• Sonuç bulunamadı

Gördüğümüz kadarıyla Afganistan’da koca kadın üzerinde sınırsız bir yetki ve hakka sahiptir. İşte onlardan birkaçı aşağıda verilecektir:

1. Şehevi İhtiyaçlarını Giderme: Bu mesele zaten evliliğin özünde mevcut olup ve her çiftin yerine getirmesi gereken bir konudur.

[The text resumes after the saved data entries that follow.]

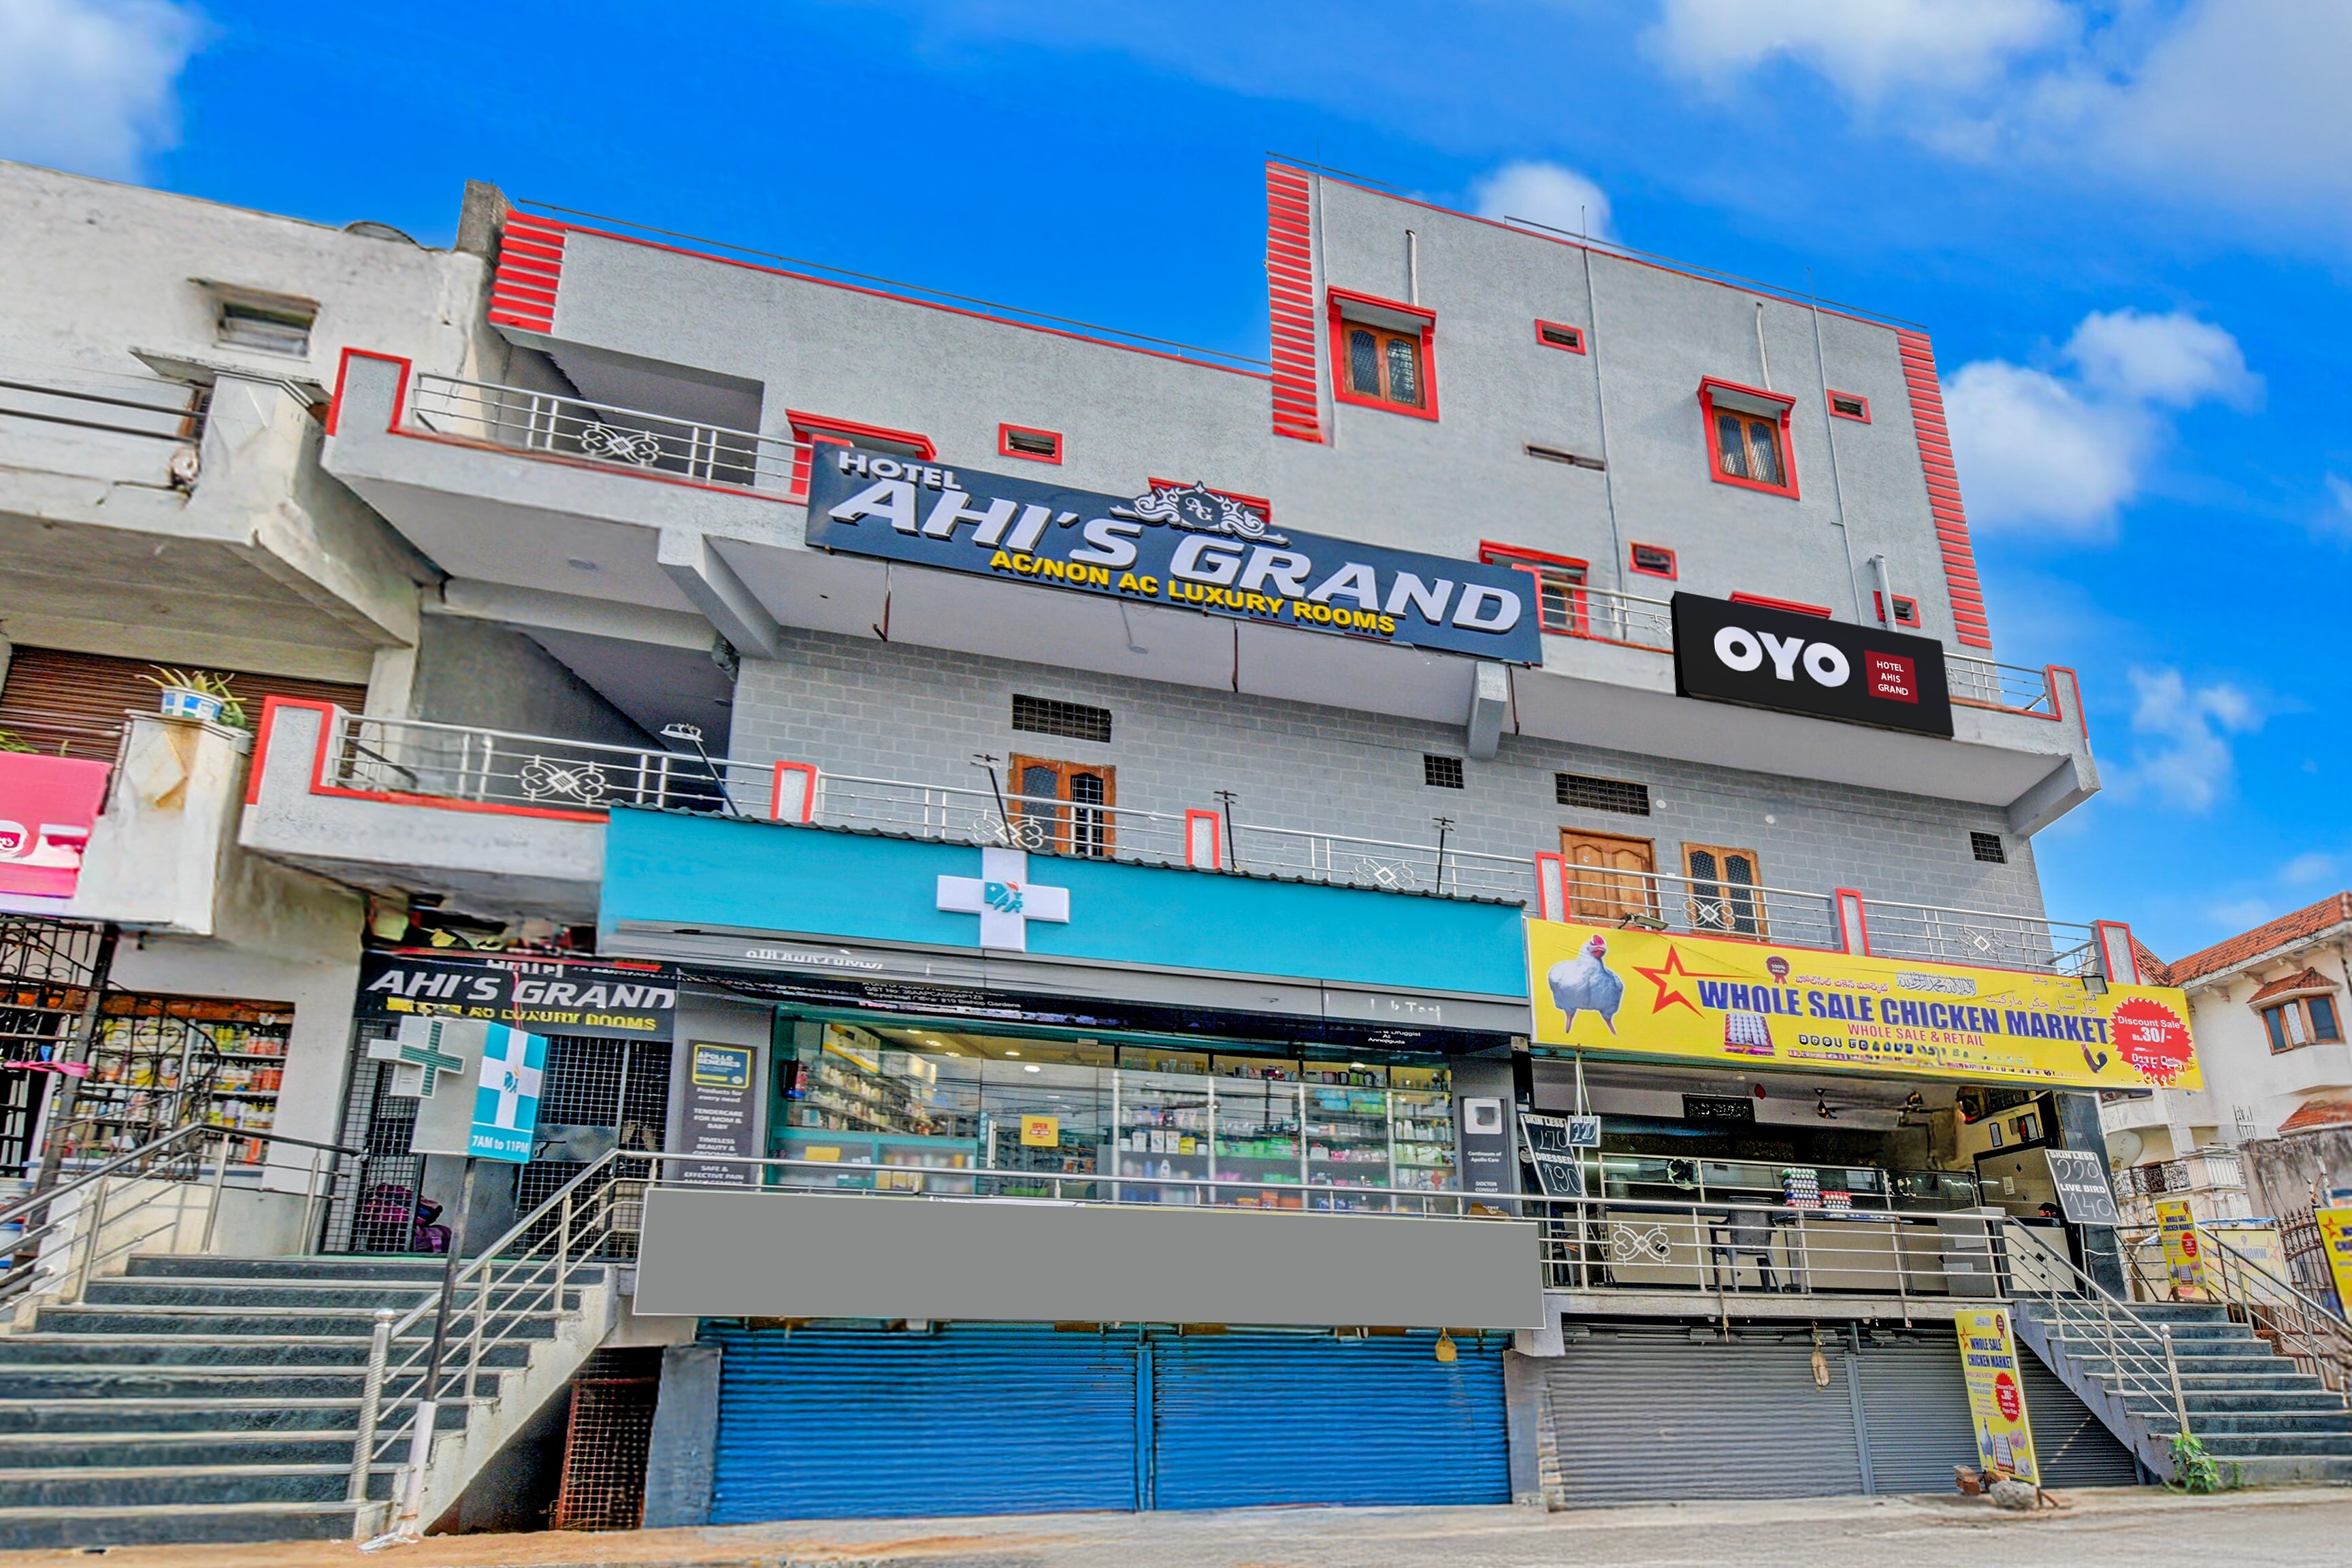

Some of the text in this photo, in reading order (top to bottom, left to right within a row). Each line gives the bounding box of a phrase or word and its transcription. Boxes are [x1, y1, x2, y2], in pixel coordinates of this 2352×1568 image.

[838, 451, 962, 491] HOTEL
[828, 479, 1522, 634] AHI'S GRAND
[990, 551, 1396, 635] AC/NON AC LUXURY ROOMS
[1714, 626, 1850, 687] OYO
[1876, 660, 1904, 672] HOTEL
[1881, 672, 1901, 683] AHIS
[1878, 683, 1909, 696] GRAND
[366, 970, 676, 1010] AHI'S GRAND
[1697, 979, 2108, 1044] WHOLE SALE CHICKEN MARKET
[2117, 1016, 2180, 1029] Discount Sale
[1848, 1024, 1891, 1039] WHOLE
[1896, 1028, 1927, 1042] SALE
[1931, 1031, 1940, 1043] &
[1944, 1032, 1985, 1047] RETAIL
[698, 1051, 734, 1061] APOLLO
[1524, 1115, 1564, 1128] SKIN LESS
[1571, 1124, 1596, 1142] 220
[472, 1135, 529, 1153] 7AM to 11PM
[1535, 1152, 1573, 1164] DRESSED
[2059, 1183, 2106, 1193] LIVE BIRD
[2070, 1192, 2111, 1218] 140
[1970, 1338, 2002, 1351] WHOLE SALE
[1967, 1354, 2013, 1369] CHICKEN MARKET

2. İtaat Etme: Kadının kocasından itaat etmesi aslında İslam Dini ve O’nun yüce peygamberlerinden olan Hz. Muhammed’in (s.a.v) de istediği ve çokça üzerinde durduğu bir durumdur. Zira konuyla ilgili olarak Hz. Muhammed (s.a.v) şöyle buyurmaktalar “Bir kadın vefat eder de kocası ondan razı ise o kadın cennete girecektir.269 Yukarıdaki hadisten anladığımız kadarıyla kocanın kadın üzerindeki hakkı pek çoktur. Çünkü Peygamber (s.a.v) kadının kocasına itaat meselesini onun cennete girme meselesiyle denk tutmakta ve hatta kadının cennete girme şartlarından biri olarak saymaktadır. Gözden kaçırmaması gereken husus şu ki kadın, kocasının meşru istek ve emirlerini yerine getirmede mecbur kılınmıştır. Tabii ki gayr-ı meşru istek ve emirlerini yerine getirmeye bilir.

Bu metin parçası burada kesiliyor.